Questo è il contesto nel quale vanno registrate le parole di Stella Li, vicepresidente esecutiva Byd, dal forum del Financial Times, Future of the Car. Anzitutto, una nota di metodo: la preferenza è sulla gestione diretta degli impianti, anziché operare attraverso strutture di joint ventures. Subentrare e rilevare la catena di comando è la via necessaria per gestire la produzione: “Collaboriamo con tutti i costruttori vendendogli batterie o lavorando con loro su diversi aspetti, ma non sulla produzione”, le parole all’agenzia di stampa Bloomberg. “Stiamo cercando qualsiasi impianto disponibile in Europa e siamo interessati alla capacità produttiva inutilizzata. Non stiamo parlando solo con Stellantis ma anche con altre compagnie europee”.

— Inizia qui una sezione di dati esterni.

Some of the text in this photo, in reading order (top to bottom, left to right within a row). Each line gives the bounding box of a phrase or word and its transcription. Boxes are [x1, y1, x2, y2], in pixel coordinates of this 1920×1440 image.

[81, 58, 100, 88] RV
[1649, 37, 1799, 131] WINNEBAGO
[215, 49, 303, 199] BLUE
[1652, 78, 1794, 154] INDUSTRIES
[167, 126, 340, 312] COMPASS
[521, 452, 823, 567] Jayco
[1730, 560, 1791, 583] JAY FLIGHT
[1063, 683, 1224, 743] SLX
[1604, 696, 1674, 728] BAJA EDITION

I VANTAGGI DEL RILEVARE SITI ESISTENTI

Rilevare stabilimenti europei vuol dire per Byd e i marchi cinesi rafforzare la produzione locale e qualificarsi per quel “bollino” di auto Made in Europe che il legislatore di Bruxelles ha presentato come una “soluzione” per risollevare il tessuto industriale del Vecchio Continente.

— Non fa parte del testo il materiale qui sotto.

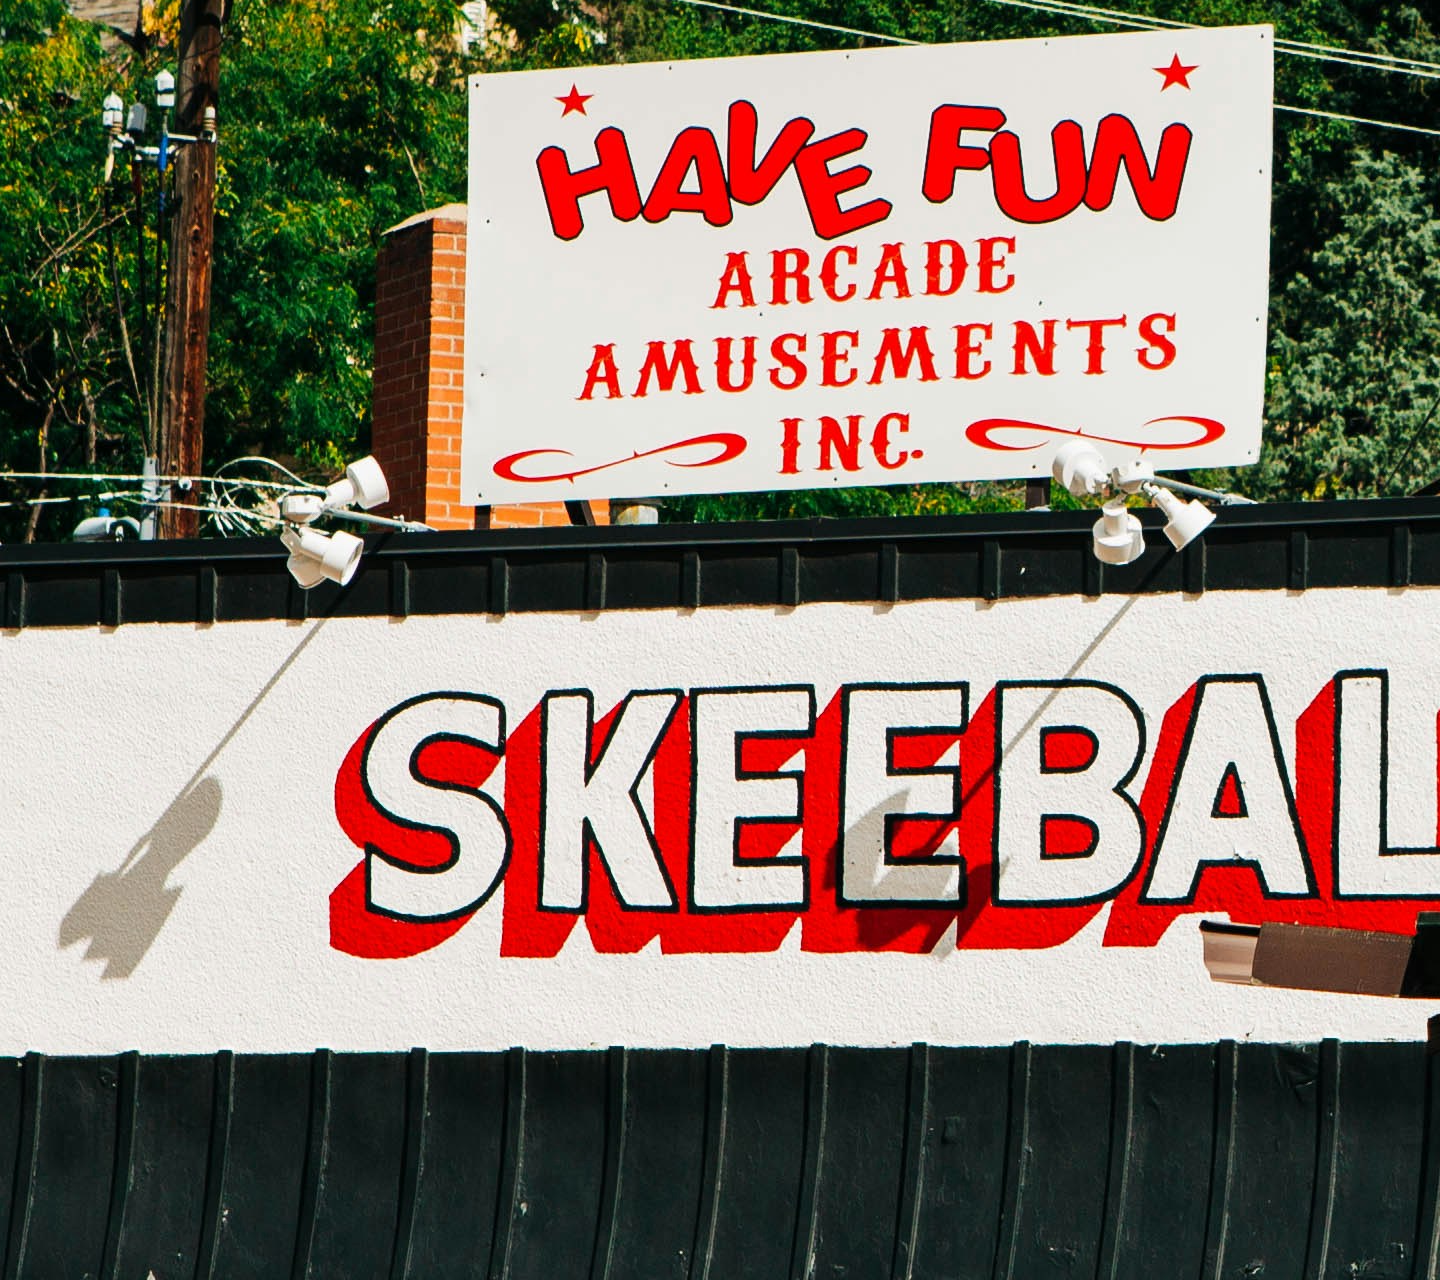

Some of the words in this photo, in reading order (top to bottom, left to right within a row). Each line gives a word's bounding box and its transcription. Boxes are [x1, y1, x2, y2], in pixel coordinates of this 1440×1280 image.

Al netto degli adeguamenti delle linee produttive e degli investimenti, subentrare in un sito esistente vuol dire abbattere i tempi per essere operativi. Si trasferisce sulla produzione quel che vale per la progettazione di un’auto, il time to market che le case auto europee tanto invidiano ai costruttori cinesi, al punto da stringere collaborazioni per affidare parte della fase di sviluppo a joint venture operative nel Paese del Dragone. Così, in due anni un modello passa dal concept all’uscita dalla linea di montaggio.

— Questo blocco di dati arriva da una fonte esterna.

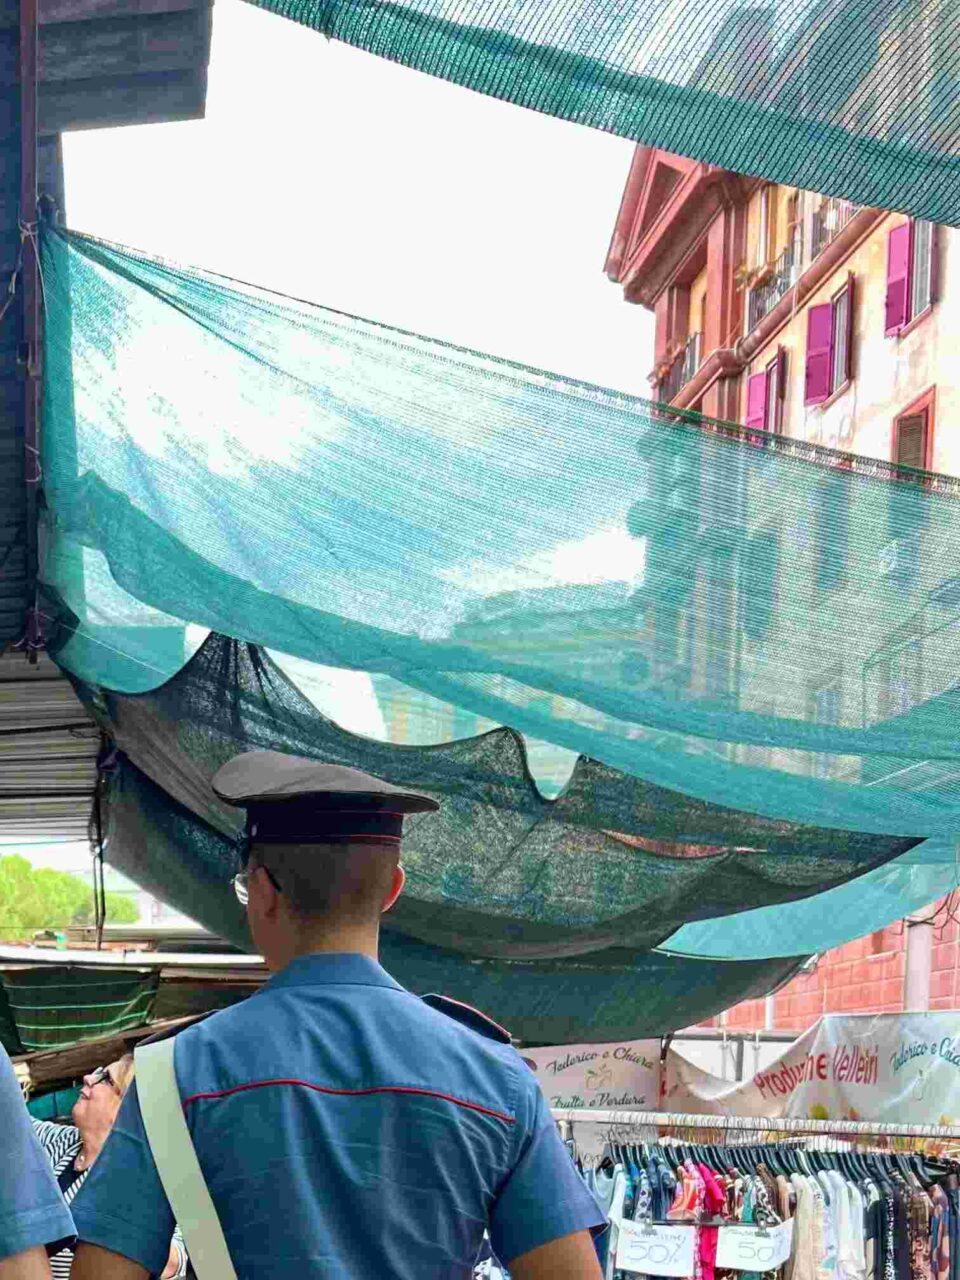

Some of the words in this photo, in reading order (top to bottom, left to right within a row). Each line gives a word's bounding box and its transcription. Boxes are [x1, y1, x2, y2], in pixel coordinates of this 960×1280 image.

[545, 1053, 599, 1076] Federico
[613, 1046, 655, 1069] Chiara
[551, 1095, 585, 1109] Frutta
[597, 1092, 646, 1106] Verdura

Nel caso di Byd ricordiamo come il marchio abbia iniziato la produzione pre-serie in Ungheria lo scorso gennaio, con la produzione destinata al mercato attesa nel corso del secondo trimestre. Quanto ai lavori per la costruzione dello stabilimento in Turchia, le fonti di stampa a Istanbul indicano un percorso a rilento: l’impegno annunciato nel luglio del 2024, con un investimento da 1 miliardo di dollari, ha visto partire i lavori per la costruzione solo lo scorso gennaio.